Parakeet 0.6b CTC Spanish English (es-US)	NVIDIA	❌
Conformer CTC Spanish (es-US)	NVIDIA	❌
Canary 1b Multilingual	NVIDIA	❌
Whisper Large v3 Multilingual	OpenAI	❌
Nemotron ASR Streaming	NVIDIA	❌

The environment variable NIM_TAGS_SELECTOR is used to specify the desired model and inference mode. It is specified as comma-separated key-value pairs. Some ASR models support different inference modes tuned for different use cases. Available modes include streaming low latency (str), streaming high throughput (str-thr), and offline (ofl). Setting the mode to all deploys all inference modes where applicable.

Note

Parakeet 0.6b CTC English (en-US) uses FP8 on supported hardware. All other models use FP16.

Parakeet 0.6b CTC English#

Model information

To use this model, set CONTAINER_ID to parakeet-0-6b-ctc-en-us . Choose a value for NIM_TAGS_SELECTOR from the following table as needed. For further instructions, refer to Launching the ASR NIM.
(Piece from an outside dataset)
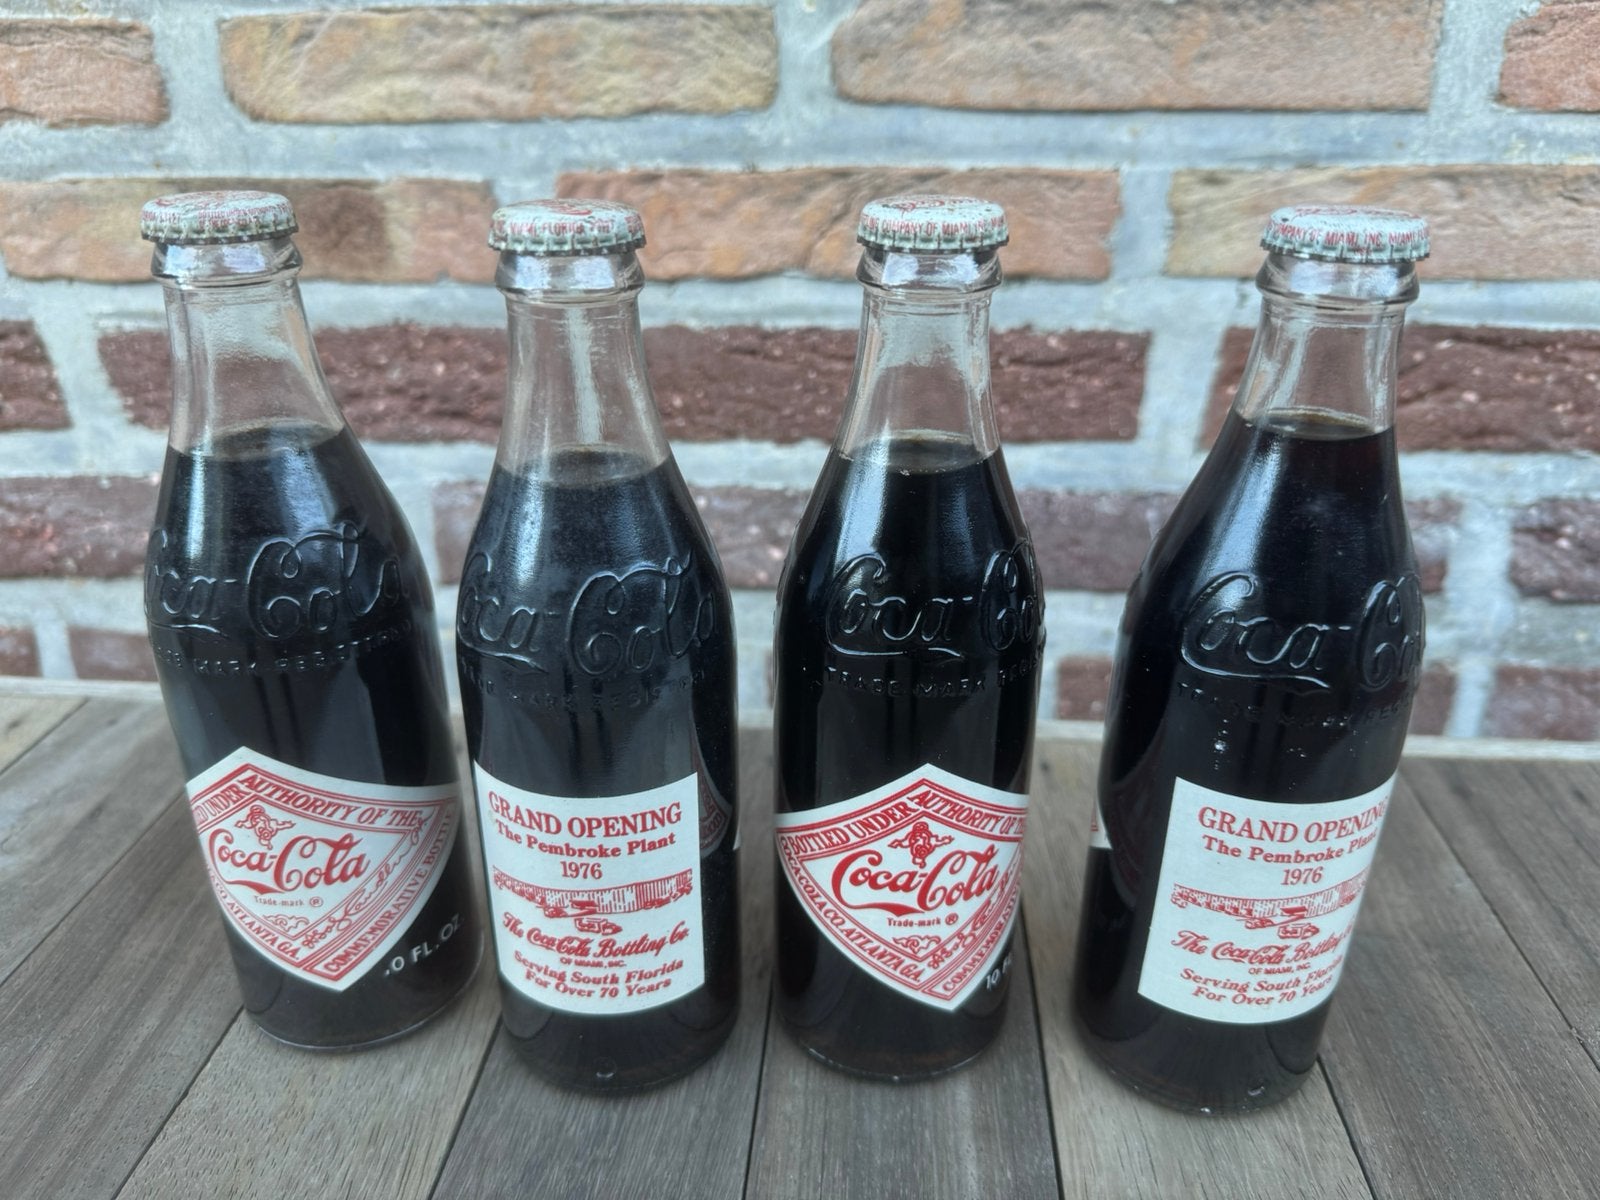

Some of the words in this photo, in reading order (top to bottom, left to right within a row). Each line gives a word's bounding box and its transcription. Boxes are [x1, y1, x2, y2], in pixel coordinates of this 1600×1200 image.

Profile (Selected using `NIM_TAGS_SELECTOR`)	Inference Mode	Batch Size	CPU Memory (GB)	GPU Memory (GB)
`name=parakeet-0-6b-ctc-en-us,bs=1,mode=ofl,diarizer=disabled,vad=default`	offline	1	4.511	3.08
`name=parakeet-0-6b-ctc-en-us,bs=1,mode=str,diarizer=disabled,vad=default`	streaming	1	4.676	3.07
`name=parakeet-0-6b-ctc-en-us,mode=ofl,diarizer=disabled,vad=default`	offline	1024	5.201	11.93
`name=parakeet-0-6b-ctc-en-us,mode=str,diarizer=disabled,vad=default`	streaming	1024	1.54	3.07
`name=parakeet-0-6b-ctc-en-us,mode=str-thr,diarizer=disabled,vad=default`	streaming-throughput	1024	2.257	7.02
`name=parakeet-0-6b-ctc-en-us,mode=all,diarizer=disabled,vad=default`	all	1024	13.85	21.73

Note

Profiles with a Batch Size of 1 are optimized for the lowest memory usage and support only a single session at a time. These profiles are recommended for WSL2 deployment or scenarios with a single inference request client.

Speech Recognition with VAD and Speaker Diarization#

The profiles with silero and sortformer use Silero VAD to detect start and end of utterance and Sortformer SD for speaker diarization. End of utterance detection using VAD is more accurate than the Acoustic model based end of utterance detection, which is used in other profiles. This profile has better robustness to noise and generates lesser spurious transcripts compared to other profiles. It is also useful for applications where multiple speakers are present in the audio, such as call centers or meetings.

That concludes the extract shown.